Platz Batista da Silva N, Schauer M, Hornung M, Lang S, Beyer L P, Wiesinger I, Stroszczynski C, Jung E M
Departement of Radiology, University Hospital Regensburg, Regensburg, Germany.
Department of Cardiothoracic Surgery, University Hospital Regensburg, Regensburg, Germany.
Clin Hemorheol Microcirc. 2016;64(4):735-745. doi: 10.3233/CH-168029.
To evaluate the efficacy of strain elastography (SE) using semi-quantitative measurement methods compared to constrast enhanced ultrasound during liver tumor surgery (Io-CEUS) for dignity assessment of focal liver lesions(FLL).
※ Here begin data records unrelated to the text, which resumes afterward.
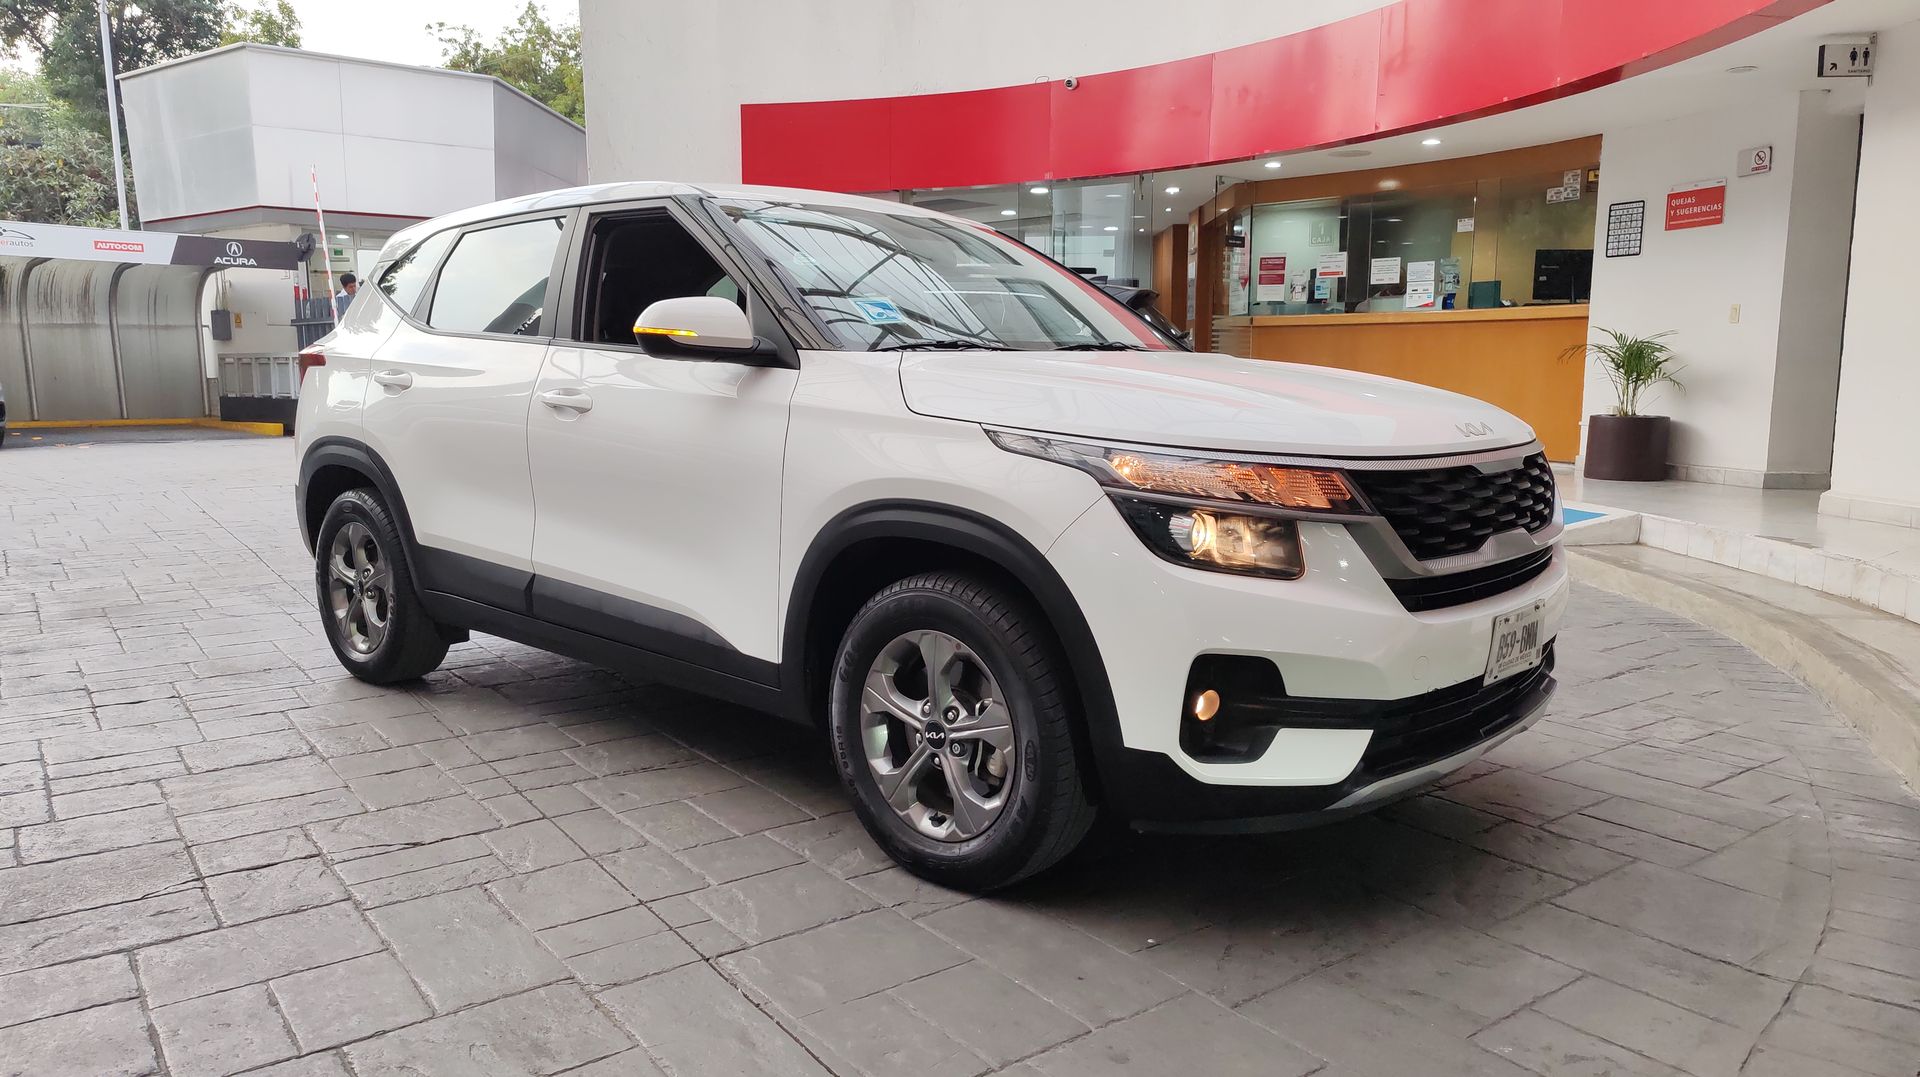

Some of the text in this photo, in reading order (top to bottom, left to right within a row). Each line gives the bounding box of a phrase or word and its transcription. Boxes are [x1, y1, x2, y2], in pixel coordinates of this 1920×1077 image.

[1671, 196, 1696, 207] QUEJAS
[1670, 202, 1722, 217] Y SUGERENCIAS
[1312, 236, 1331, 244] CAJA
[96, 242, 143, 251] AUTOCOM
[214, 256, 258, 266] ACURA
[925, 731, 945, 739] KIA
Prospective data acquisition and retrospective analysis of US data of 100 patients (116 lesions) who underwent liver tumor surgery between 10/2010 and 03/2016. Retrospective reading of SE color patterns was performed establishing groups depending on dominant color (>50% blue = stiff, inhomogenous, >50% yellow/red/green = soft tissue). Semi-quantitative analysis was performed by Q-analysis based on a scale from 0 (soft) to 6 (stiff). 2 ROIs were placed centrally, 5 ROIs in the lesion's surrounding tissue. Io-CEUS was performed by bolus injection of 5-10 ml sulphurhexaflourid microbubbles evaluating wash-in- and -out- kinetics in arterial, portal venous and late phase. Histopathology after surgical resection served as goldstandard.
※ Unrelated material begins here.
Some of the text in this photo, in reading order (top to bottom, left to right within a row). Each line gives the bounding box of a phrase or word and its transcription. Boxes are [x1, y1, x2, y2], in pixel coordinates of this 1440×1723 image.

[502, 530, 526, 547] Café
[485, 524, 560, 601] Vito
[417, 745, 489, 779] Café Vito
100 patients (m: 65, f: 35, mean age 60.5 years) with 116 liver lesions were included. Lesion's size ranged from 0.5 to 8.4 cm (mean 2.42 cm SD±1.44 cm). Postoperative histology showed 105 malignant and 11 benign lesions. Semi-quantitative analysis showed central indurations of >2.5 in 76/105 cases suggesting malignancy. 7 benign lesions displayed no central indurations correctly characterized benign by SE. ROC-analysis and Youden index showed a sensitivity of 72.4% and specificity of 63.6% assuming a cut-off of 2.5. Io-CEUS correctly characterized 103/105 as malignant. Sensitivity was 98%, specificity 72.7%.
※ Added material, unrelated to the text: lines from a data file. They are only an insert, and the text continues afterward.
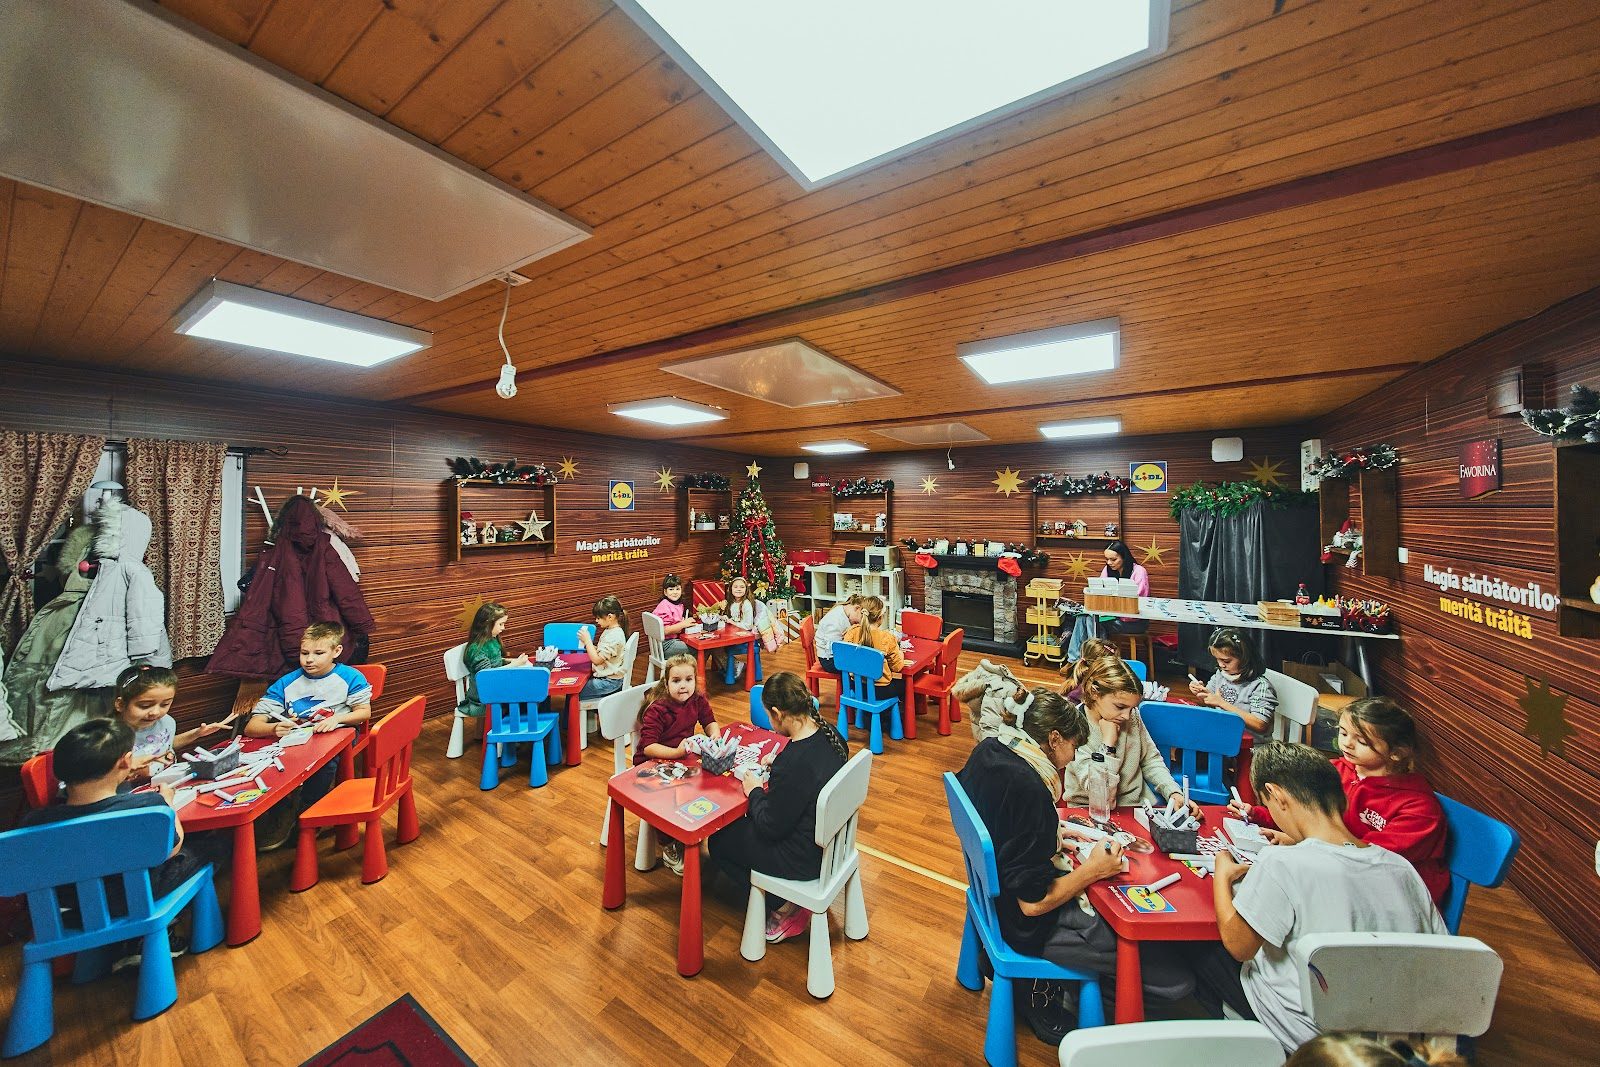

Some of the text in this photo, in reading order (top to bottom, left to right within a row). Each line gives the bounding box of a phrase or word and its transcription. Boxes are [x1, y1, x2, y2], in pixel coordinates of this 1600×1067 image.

[1460, 464, 1497, 478] FAVORINA
[576, 536, 661, 552] Magia sărbătorilor
[592, 549, 648, 563] merită trăită
[1423, 564, 1460, 591] Magia
[1439, 596, 1533, 640] merită trăită
Strain elastography is a valuable tool for non-invasive characterization of FLLs. Semi-quantitative intratumoral stiffness values of >2.5 suggested malignancy. However, sensitivity of Io-CEUS in detecting malignant lesions was higher compared to SE. In conclusion SE should be considered for routine use during intraoperative US in addition to Io-CEUS for optimization of curative liver surgery.
比较应变弹性成像(SE)使用半定量测量方法与肝脏肿瘤手术期间的对比增强超声(Io-CEUS)对肝脏局灶性病变(FLL)进行鉴别诊断的疗效。
对2010年10月至2016年3月期间接受肝脏肿瘤手术的100例患者(116个病变)的超声数据进行前瞻性数据采集和回顾性分析。对SE彩色模式进行回顾性解读,根据主要颜色(>50%蓝色=硬、不均匀,>50%黄色/红色/绿色=软组织)进行分组。基于从0(软)到6(硬)的量表通过Q分析进行半定量分析。在病变中心放置2个感兴趣区(ROI),在病变周围组织中放置5个ROI。通过团注5-10ml六氟化硫微泡进行Io-CEUS,评估动脉期、门静脉期和延迟期的血流灌注和流出动力学。手术切除后的组织病理学作为金标准。
纳入100例患者(男65例,女35例,平均年龄60.5岁),共116个肝脏病变。病变大小范围为0.5至8.4cm(平均2.42cm,标准差±1.44cm)。术后组织学显示105个恶性病变和11个良性病变。半定量分析显示,105例中有76例中央硬度>2.5,提示为恶性。7个良性病变未显示中央硬度,SE正确将其特征化为良性。ROC分析和尤登指数显示,假设临界值为2.5,敏感性为72.4%,特异性为63.6%。Io-CEUS正确将105例中的103例特征化为恶性。敏感性为98%,特异性为72.7%。
应变弹性成像是一种用于FLL非侵入性特征化的有价值工具。肿瘤内半定量硬度值>2.5提示为恶性。然而Io-CEUS检测恶性病变的敏感性高于SE。总之,除Io-CEUS外,术中超声检查时应考虑常规使用SE,以优化肝脏根治性手术。